------ Exercise input ------

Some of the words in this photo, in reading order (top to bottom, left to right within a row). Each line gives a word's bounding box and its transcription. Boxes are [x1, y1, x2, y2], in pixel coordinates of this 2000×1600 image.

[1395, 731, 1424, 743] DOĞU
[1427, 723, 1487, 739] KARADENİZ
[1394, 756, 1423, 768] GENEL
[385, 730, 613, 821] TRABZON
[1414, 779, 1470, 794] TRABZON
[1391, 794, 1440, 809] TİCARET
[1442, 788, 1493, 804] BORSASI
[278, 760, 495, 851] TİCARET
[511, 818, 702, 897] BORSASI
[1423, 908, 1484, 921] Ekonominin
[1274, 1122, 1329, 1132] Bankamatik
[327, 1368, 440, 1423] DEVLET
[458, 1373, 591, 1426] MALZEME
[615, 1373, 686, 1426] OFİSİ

------

**What this task involves**: Return every record above exactly as it appears.

**Response below**:
Some of the words in this photo, in reading order (top to bottom, left to right within a row). Each line gives a word's bounding box and its transcription. Boxes are [x1, y1, x2, y2], in pixel coordinates of this 2000×1600 image.

[1395, 731, 1424, 743] DOĞU
[1427, 723, 1487, 739] KARADENİZ
[1394, 756, 1423, 768] GENEL
[385, 730, 613, 821] TRABZON
[1414, 779, 1470, 794] TRABZON
[1391, 794, 1440, 809] TİCARET
[1442, 788, 1493, 804] BORSASI
[278, 760, 495, 851] TİCARET
[511, 818, 702, 897] BORSASI
[1423, 908, 1484, 921] Ekonominin
[1274, 1122, 1329, 1132] Bankamatik
[327, 1368, 440, 1423] DEVLET
[458, 1373, 591, 1426] MALZEME
[615, 1373, 686, 1426] OFİSİ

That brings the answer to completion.